A spasm of impatience flashed across Lord Cruickshank’s face. In spite of his longstanding reputation for relative equanimity, Aitken had seen enough of the judge’s present temperament in the courtroom that day to know when not to push his luck. “’Is Nibs impatient for retirement,” the clerk had confided incuriously during one brief adjournment, but Aitken had his own ideas.

Mister Aitken,” enunciated the Lord Commissioner of Justiciary, with unmistakeable emphasis, “As I explained not an hour and a half ago – and at considerable length, I may add – the whereabouts of real evidence, and by extension of Crown Label 14, is a matter for the investigating authorities and not for Her Majesty’s judiciary. If the police say they have lost the damned thing, then that is that. And as much as some of us would love to spend my time, the court’s time, and taxpayer’s time” – here Lord Cruickshank wagged a reproving finger – “consoling the consorts of criminals on points of lost property, I am afraid that it would be to little avail in this instance. The notebook, and those ‘codes’ which Mrs Dalziel claims it contains, if ever indeed they existed, are just that: lost.”

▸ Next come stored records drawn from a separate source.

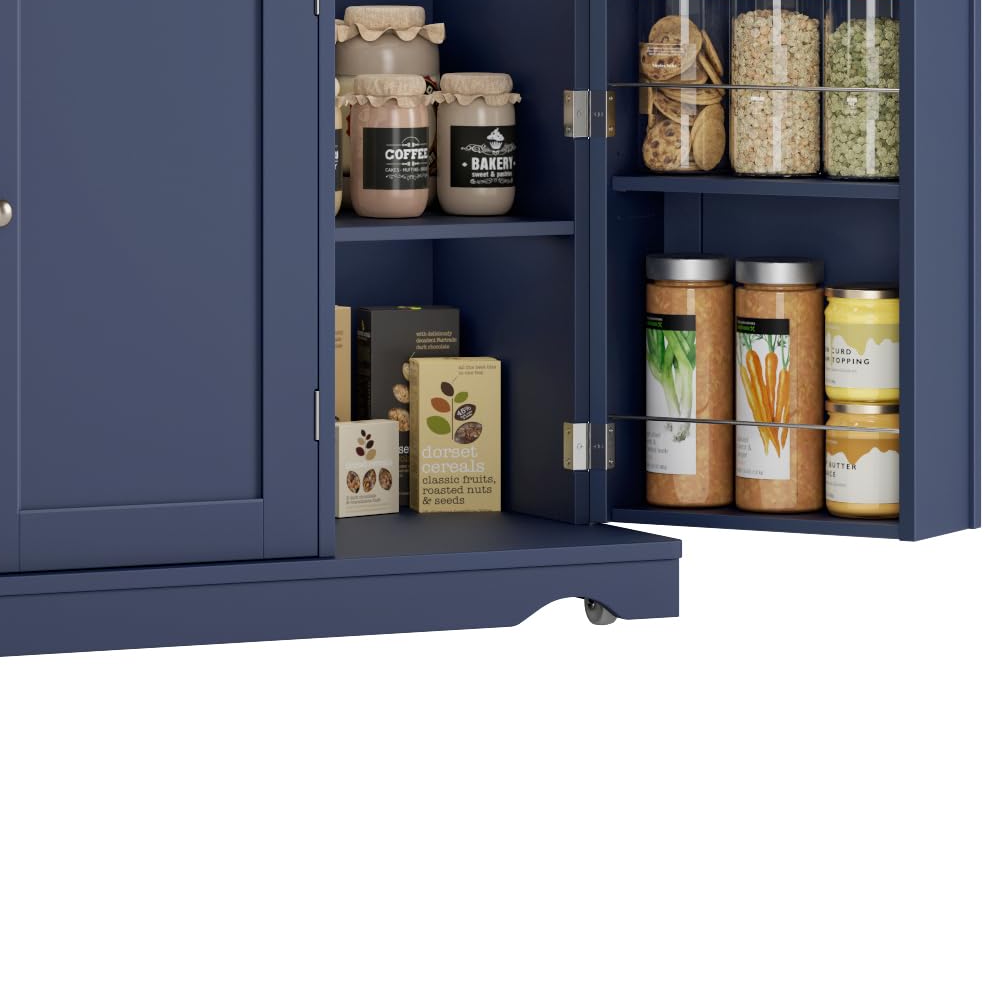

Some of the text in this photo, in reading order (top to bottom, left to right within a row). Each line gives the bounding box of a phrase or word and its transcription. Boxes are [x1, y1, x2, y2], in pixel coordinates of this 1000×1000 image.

[384, 148, 428, 160] COFFEE
[471, 156, 513, 171] BAKERY
[832, 357, 870, 365] TOPPING
[421, 445, 478, 459] dorset
[421, 459, 486, 473] cereals
[422, 475, 497, 485] classic fruits,
[422, 485, 493, 495] roasted nuts
[422, 496, 466, 505] & seeds
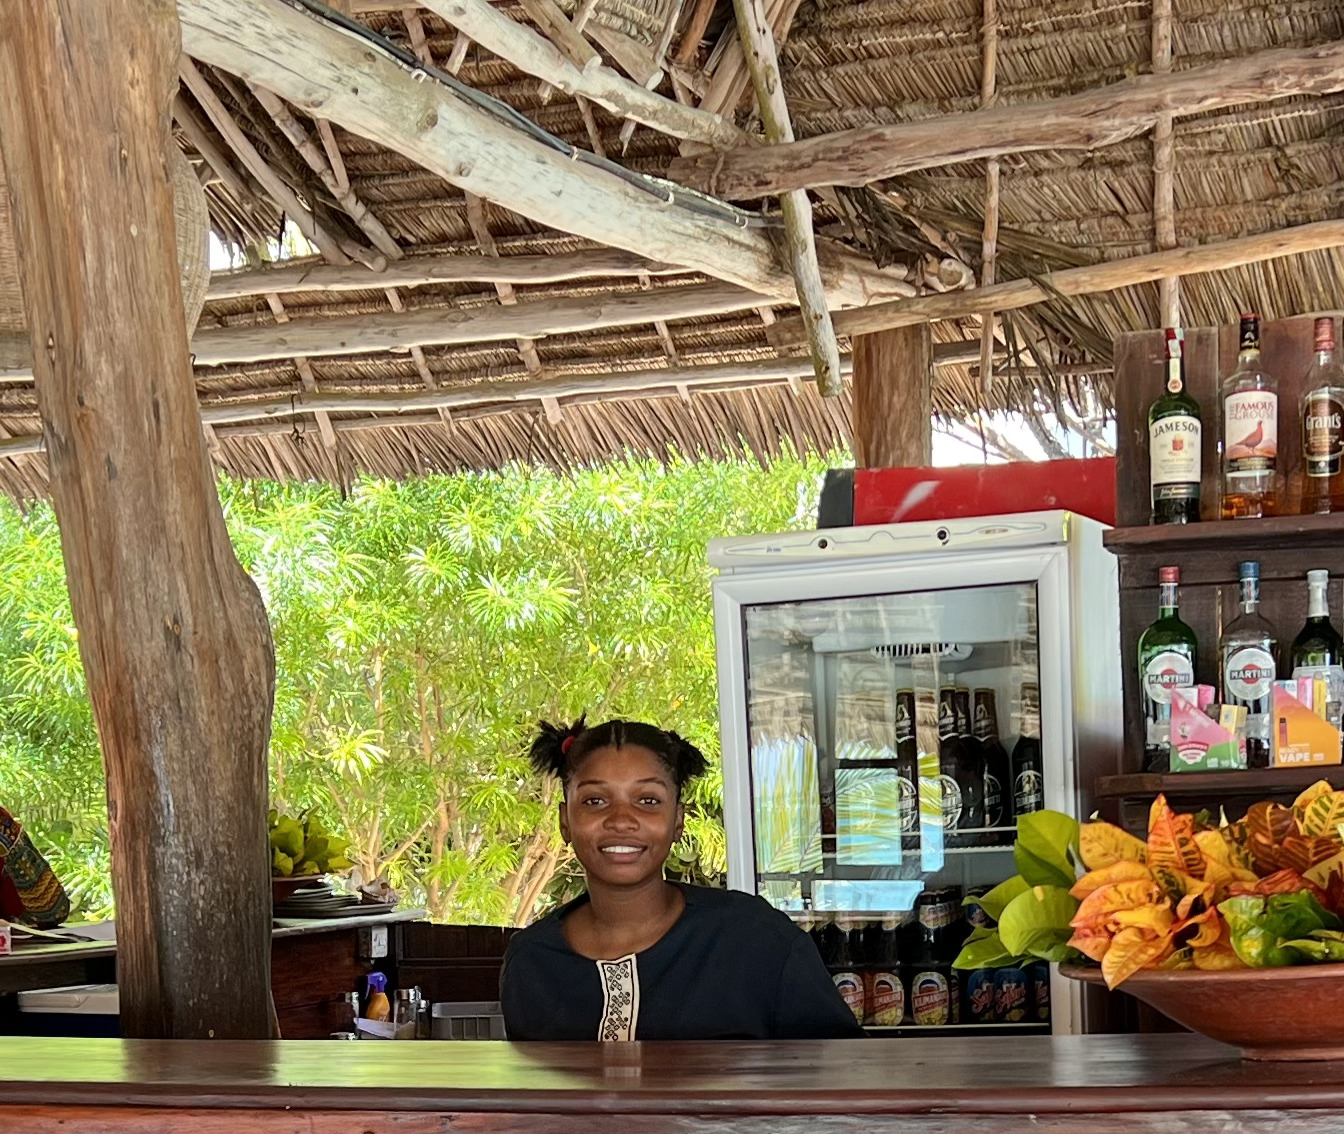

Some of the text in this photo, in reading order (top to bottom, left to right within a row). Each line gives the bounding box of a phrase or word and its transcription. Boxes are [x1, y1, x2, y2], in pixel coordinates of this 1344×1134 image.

[1235, 401, 1274, 412] FAMOUS
[1235, 410, 1274, 421] GROUSE
[1306, 412, 1341, 431] Grant's
[1153, 421, 1200, 438] JAMESON
[1149, 674, 1189, 684] MARTINI
[1230, 670, 1272, 680] MARTINI
[1279, 752, 1311, 763] VAPE

With that the judge sat back in his chair, a pinkish tinge to his cheeks matching the countless volumes of the Scots Law Times arrayed on the office shelves behind him. Aitken acknowledged defeat with a rueful grimace.

“Well, my Lord – Murdo, my apologies – I can’t say that my client will be happy. But if that is your decision,” (and there could be no doubt now: the judge was staring down stonily at the laptop computer and diary spread out on top of his desk) “then I have no choice but to once again convey to Mrs Dalziel the Chief Constable’s regrets and set out her legal position as regards any potential claim for reparation. Although as the missing property is, as you say, only a notebook, it seems unlikely my services will be worthwhile engaging in that respect.”

Murmuring his thanks, Aitken gathered up his gown and got up to leave. Halfway to the door, however, he paused and turned back to the judge’s desk.

“There is one more thing, my – Murdo. I wonder if I could trouble you for the loan of Macpherson’s Session Cases for 1865. The Advocates’ Library has mislaid its copy, you see, and I rather wanted to check something before court tomorrow…”

Lord Cruickshank’s jaw, which had clenched perceptibly at the young lawyer’s initial words, slackened into a complacently munificent smile.

“Of course, my boy, of course. Never a fan of Macpherson myself, you know: more of a Rettie man. Now then, where are we hiding…?”

Rising from his own chair, the judge perused the august bookshelves lining the wall behind his desk with the excitable air of a teenage vinyl enthusiast excavating for the umpteenth time a favourite record store. In spite of everything, he did love the law.

Volume located, Lord Cruickshank turned back to Aitken and handed the law report to the younger man in his still-new gown, experiencing a sudden unexpected rush of fellow-feeling – or was it simply adrenaline? – as he did so. With a final nod of thanks, Aitken swept out of the office.

Locking the door behind him, the Lord Commissioner checked his watch before returning to his desk and logging into his laptop: a personal rather than judicial piece of equipment complete with several unorthodox pieces of software. There was just time, the judge reflected, to copy the private bitcoin keys contained in Mr Dalziel’s little black notebook into the online portal favoured by the Glaswegian underworld and transfer the cryptocurrency to Messrs Cluny and Dodds – not forgetting, of course, his own £20,000 share of the proceeds, even after subtracting various uncomfortable debts. Now where was Crown Label 14 hiding…?

Lord Cruickshank knew, even before opening it, that the notebook on his desk had been switched. But the mad panic welling up within him turned to despair when he saw that inside, instead of rows of numbers in the careful, crabbed writing of the late computer hacker Jock Dalziel, was an appointment diary with today’s date circled and the single word RETIREMENT scrawled across it in a cool and expansive and italic hand.